Exercise description: Go through the records and transcribe them exactly, passing over any picture.

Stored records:
____________________

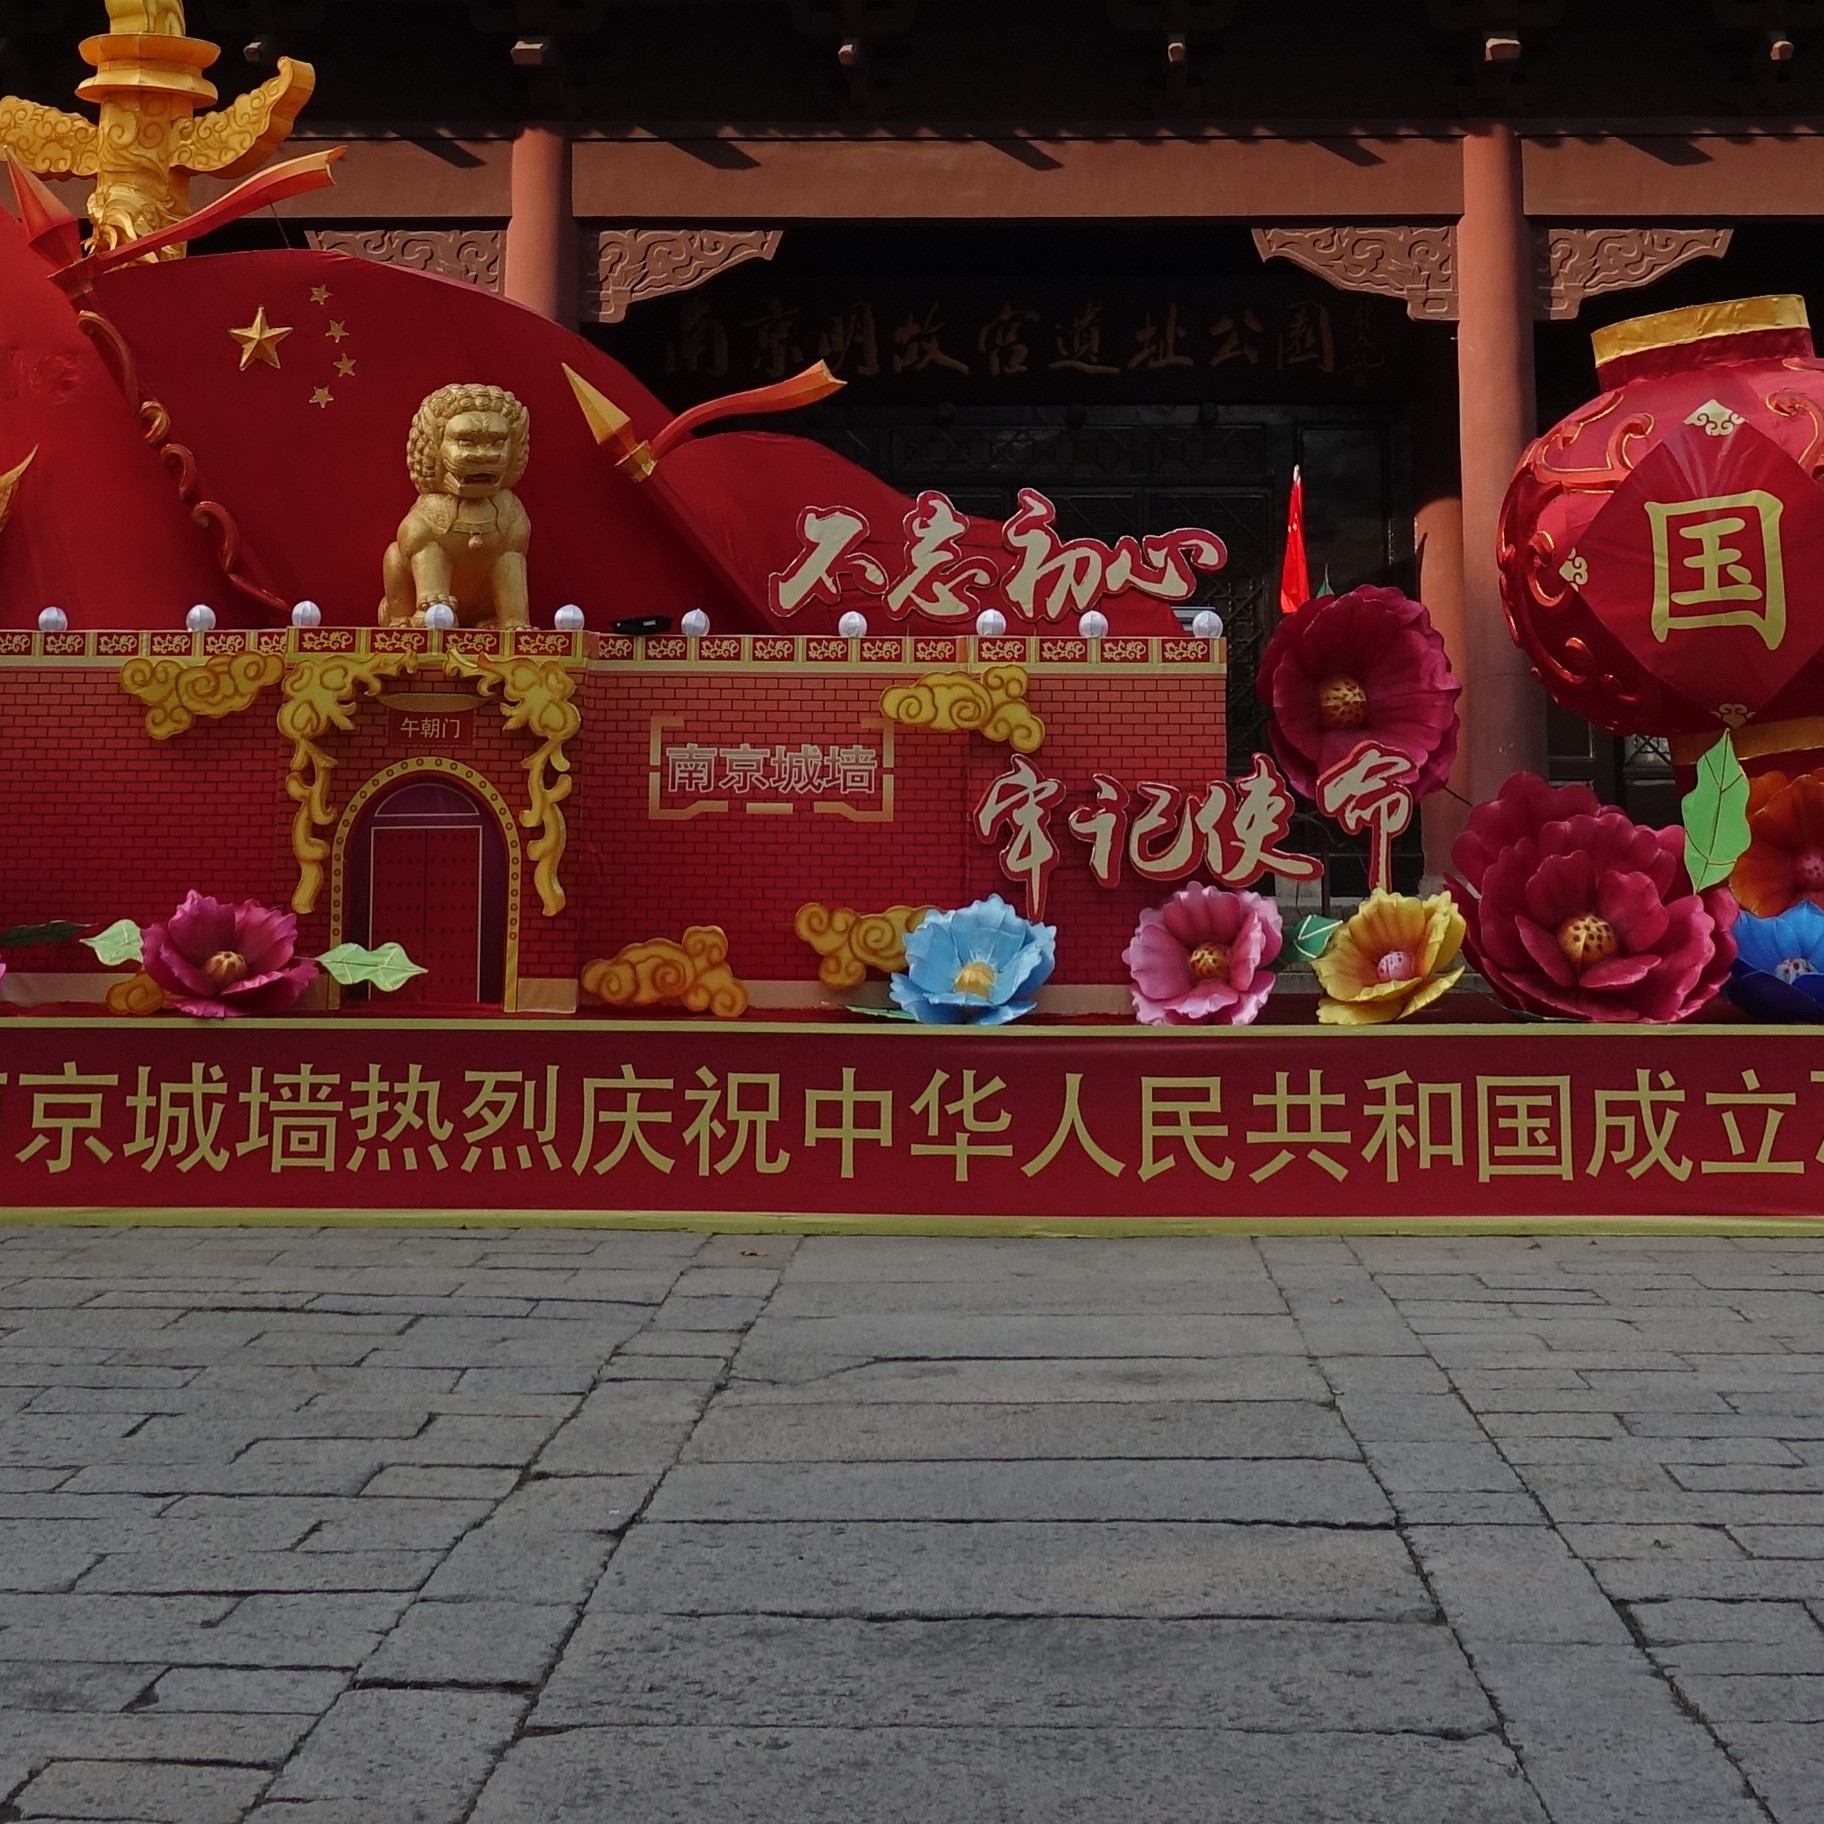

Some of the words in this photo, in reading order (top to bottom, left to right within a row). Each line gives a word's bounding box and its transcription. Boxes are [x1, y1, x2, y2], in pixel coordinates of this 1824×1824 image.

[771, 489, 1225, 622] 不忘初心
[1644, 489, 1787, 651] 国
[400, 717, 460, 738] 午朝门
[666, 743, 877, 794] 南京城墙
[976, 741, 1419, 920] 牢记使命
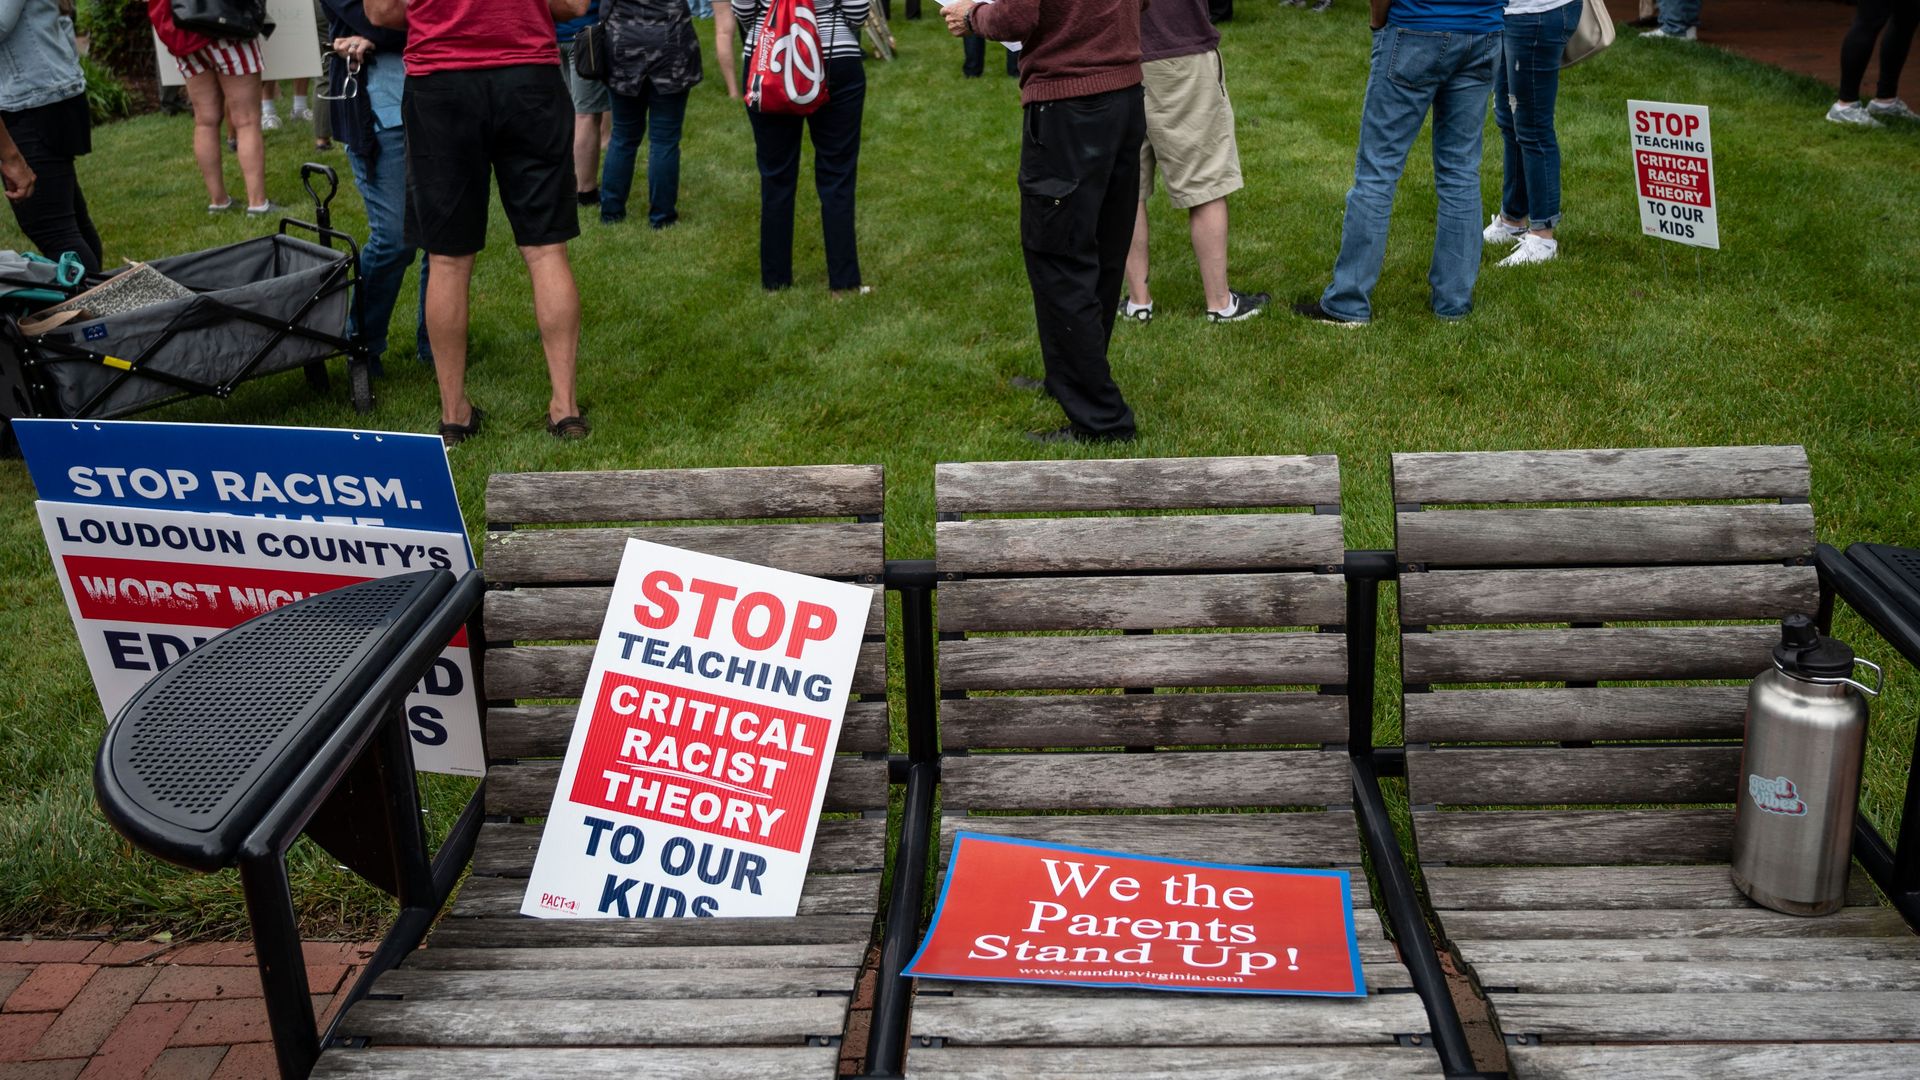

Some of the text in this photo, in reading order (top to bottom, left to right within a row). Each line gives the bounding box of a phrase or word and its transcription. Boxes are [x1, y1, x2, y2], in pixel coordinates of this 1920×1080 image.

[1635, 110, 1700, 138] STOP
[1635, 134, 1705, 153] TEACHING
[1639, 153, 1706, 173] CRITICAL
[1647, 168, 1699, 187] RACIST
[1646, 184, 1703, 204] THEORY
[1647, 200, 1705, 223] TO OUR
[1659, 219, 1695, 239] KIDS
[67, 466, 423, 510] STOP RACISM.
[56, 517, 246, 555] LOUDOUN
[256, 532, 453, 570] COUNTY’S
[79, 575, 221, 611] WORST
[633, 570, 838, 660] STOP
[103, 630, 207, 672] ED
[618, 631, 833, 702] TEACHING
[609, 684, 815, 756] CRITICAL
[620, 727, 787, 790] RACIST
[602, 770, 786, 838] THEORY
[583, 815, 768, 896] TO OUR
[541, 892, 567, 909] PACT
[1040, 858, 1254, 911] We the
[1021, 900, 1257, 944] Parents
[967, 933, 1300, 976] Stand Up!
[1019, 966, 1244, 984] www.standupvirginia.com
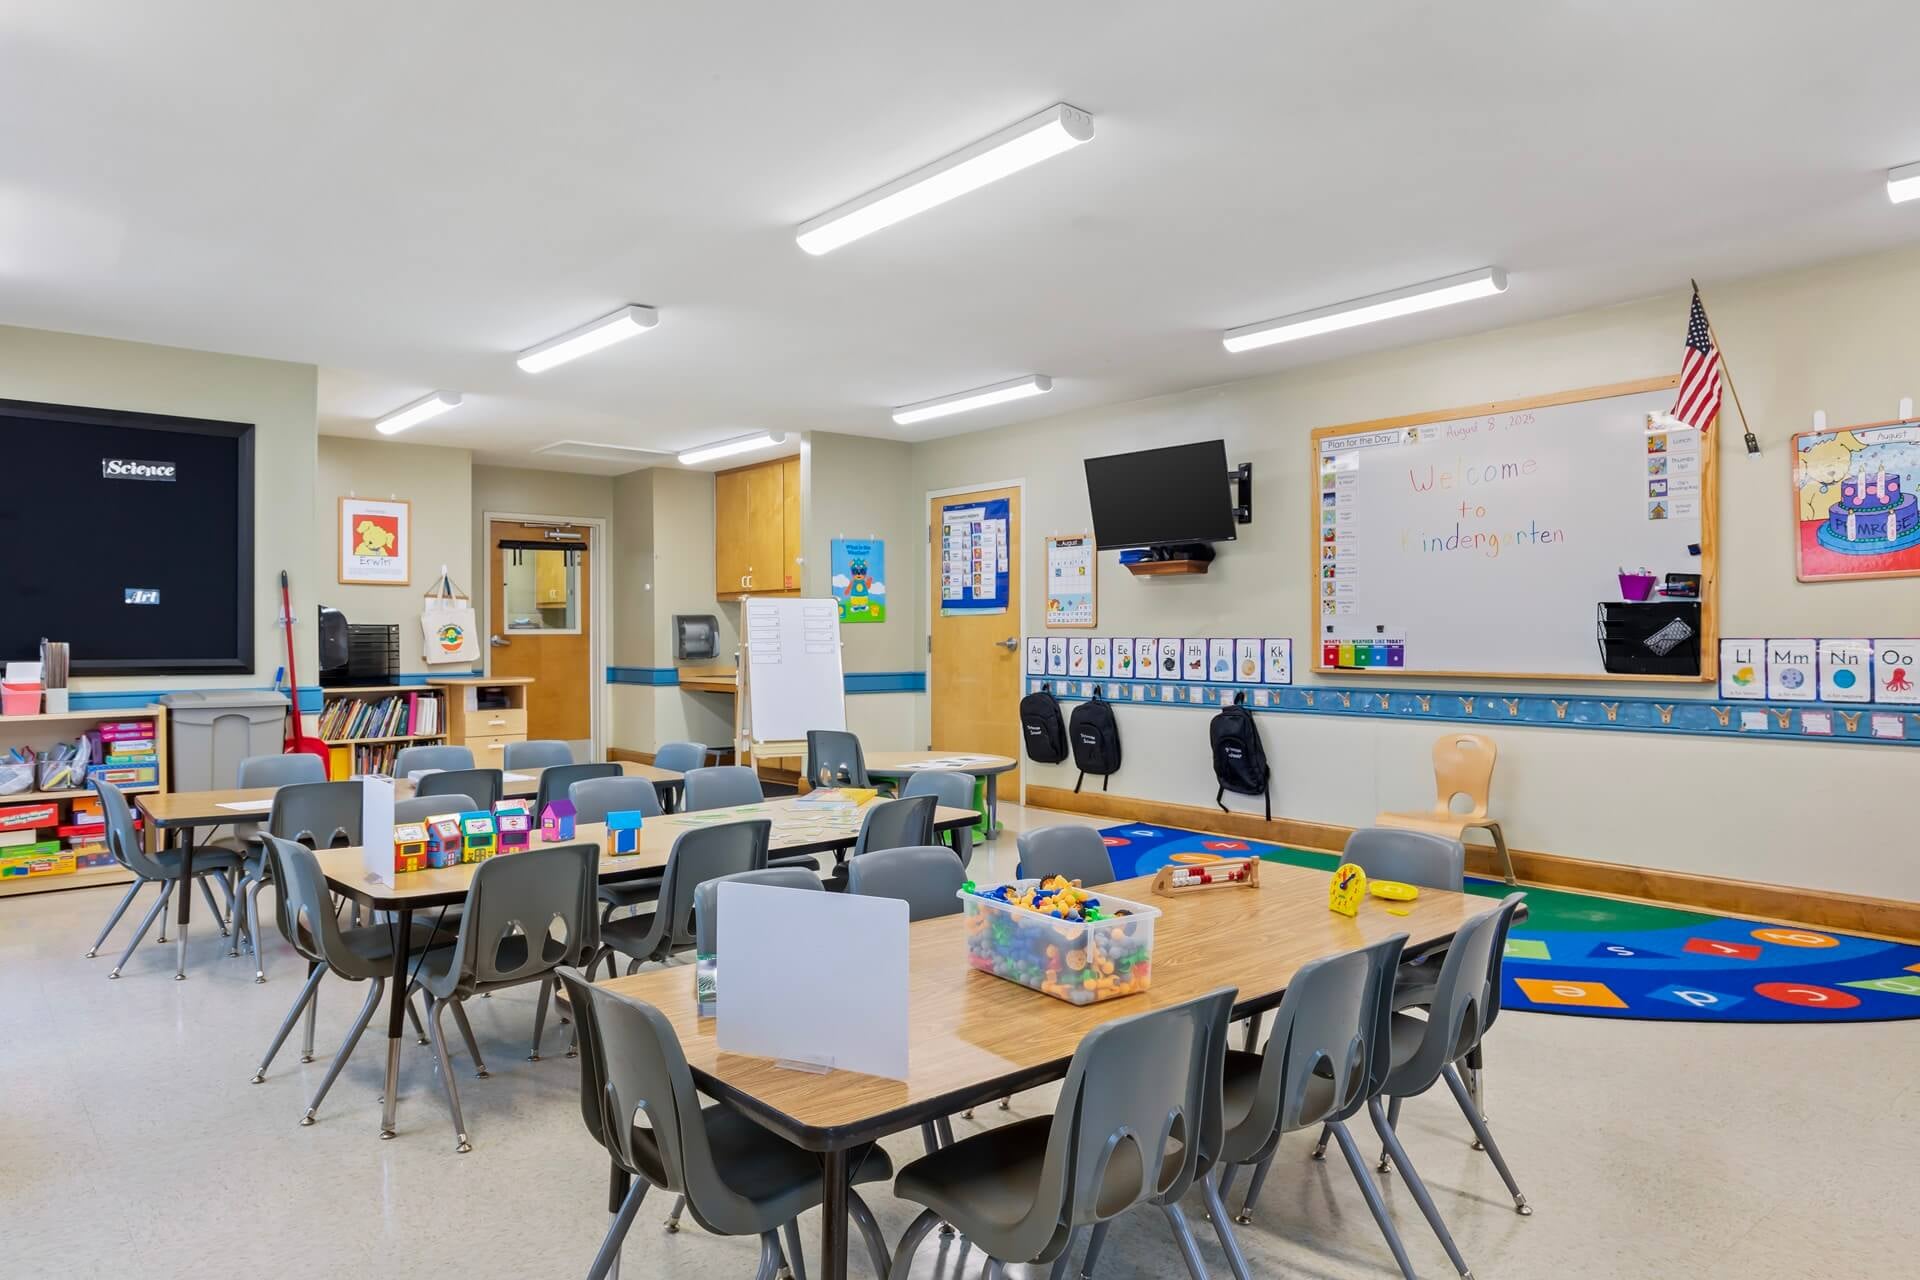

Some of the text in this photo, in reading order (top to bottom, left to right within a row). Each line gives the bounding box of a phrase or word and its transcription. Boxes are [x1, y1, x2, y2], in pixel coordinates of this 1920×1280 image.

____________________

Solution below:
Some of the words in this photo, in reading order (top to bottom, left to right within a row). Each line gives a word's bounding box and its transcription. Boxes are [x1, y1, x2, y2], in pixel coordinates of this 1824×1824 image.

[771, 489, 1225, 622] 不忘初心
[1644, 489, 1787, 651] 国
[400, 717, 460, 738] 午朝门
[666, 743, 877, 794] 南京城墙
[976, 741, 1419, 920] 牢记使命

Some of the text in this photo, in reading order (top to bottom, left to right within a row). Each line gives the bounding box of a phrase or word and its transcription. Boxes are [x1, y1, x2, y2], in pixel coordinates of this 1920×1080 image.

[1635, 110, 1700, 138] STOP
[1635, 134, 1705, 153] TEACHING
[1639, 153, 1706, 173] CRITICAL
[1647, 168, 1699, 187] RACIST
[1646, 184, 1703, 204] THEORY
[1647, 200, 1705, 223] TO OUR
[1659, 219, 1695, 239] KIDS
[67, 466, 423, 510] STOP RACISM.
[56, 517, 246, 555] LOUDOUN
[256, 532, 453, 570] COUNTY’S
[79, 575, 221, 611] WORST
[633, 570, 838, 660] STOP
[103, 630, 207, 672] ED
[618, 631, 833, 702] TEACHING
[609, 684, 815, 756] CRITICAL
[620, 727, 787, 790] RACIST
[602, 770, 786, 838] THEORY
[583, 815, 768, 896] TO OUR
[541, 892, 567, 909] PACT
[1040, 858, 1254, 911] We the
[1021, 900, 1257, 944] Parents
[967, 933, 1300, 976] Stand Up!
[1019, 966, 1244, 984] www.standupvirginia.com

Some of the text in this photo, in reading order (top to bottom, left to right within a row). Each line gives the bounding box of a phrase or word and its transcription. Boxes are [x1, y1, x2, y2], in pixel coordinates of this 1920×1280 image.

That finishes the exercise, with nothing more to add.